How to Declare a C++ Function that Takes a Blob of Memory?

Discussing several options, starting from the good old C-style void* pointer.

An interesting question you may ask in C++ is: “How would you declare a function that takes a blob of memory as input?”

For example, think of a function that hashes some input data (using SHA-256, or whatever hash algorithm), or a function that takes some binary data and writes that to disk.

Coming from my C background, an option that came to mind would certainly be:

void DoSomething(const void* p, size_t numBytes)

You simply pass a const void* pointer to the beginning of the input memory block, and the total size of the memory block, expressed in bytes.

Then, some C++ programmer could start complaining: “Hey, why do you use the unsafe old C-style void* pointer? Use some safe explicit type like uint8_t, which clearly represents an 8-bit byte!”.

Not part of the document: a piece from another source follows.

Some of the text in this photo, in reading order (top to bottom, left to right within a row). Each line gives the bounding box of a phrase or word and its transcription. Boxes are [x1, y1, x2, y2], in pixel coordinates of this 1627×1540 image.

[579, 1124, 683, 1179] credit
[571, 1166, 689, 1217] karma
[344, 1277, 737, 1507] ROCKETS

So, they propose to “step up” to the following prototype:

void DoSomething(const uint8_t* p, size_t numBytes)

Now, suppose that you want to pass to this function a custom structure, like this:

struct MyCustomData {
    ...
};

MyCustomData data;

With the original void* version, you can invoke the function simply and clearly like this:

DoSomething(&data, sizeof(data));

The code is very clear and straightforward: you pass a pointer to the custom data structure, and its size in bytes. That’s it. Simple and clear.

On the other hand, with the “safe and modern” uint8_t prototype, the function call gets more complicated, as you need to add a type cast:

// void DoSomething(const uint8_t* p, size_t numBytes)
//
// DoSomething(&data, sizeof(data));
//
// This gives a compiler error when the function expects 
// a const uint8_t* instead of const void*, something like:
//
// Error: cannot convert 'MyCustomData*' to 'const uint8_t*'
//
// You need an explicit cast in this case!
DoSomething(
    reinterpret_cast<const uint8_t*>(&data), 
    sizeof(data)
);

Why should people complexify and uglify their C++ code with the uint8_t pointer (or std::byte), when void* works just fine??

Moreover, someone could even say: “Hey, in modern C++20, we have std::span! Use it!”

Well, congratulations for rising the complexity and noise of the code even further!

In fact, std::span is a class template, and somebody would suggest to make the function that processes the generic memory blob a function template! Really? Something like this??

template <typename T>
void DoSomething(std::span<T> data)

Or maybe something even more complicated, like this?

template <typename T, std::size_t N>
void DoSomething(std::span<T, N> data)

// Or this?
template <typename T, std::size_t N>
void DoSomething(std::span<const T, N> data)

Wow. With std::span the complexity-meter bumps in the red zone and goes even higher!

Someone may suggest something like a std::span<const uint8_t>? But that’s still more complex than the initial void* signature.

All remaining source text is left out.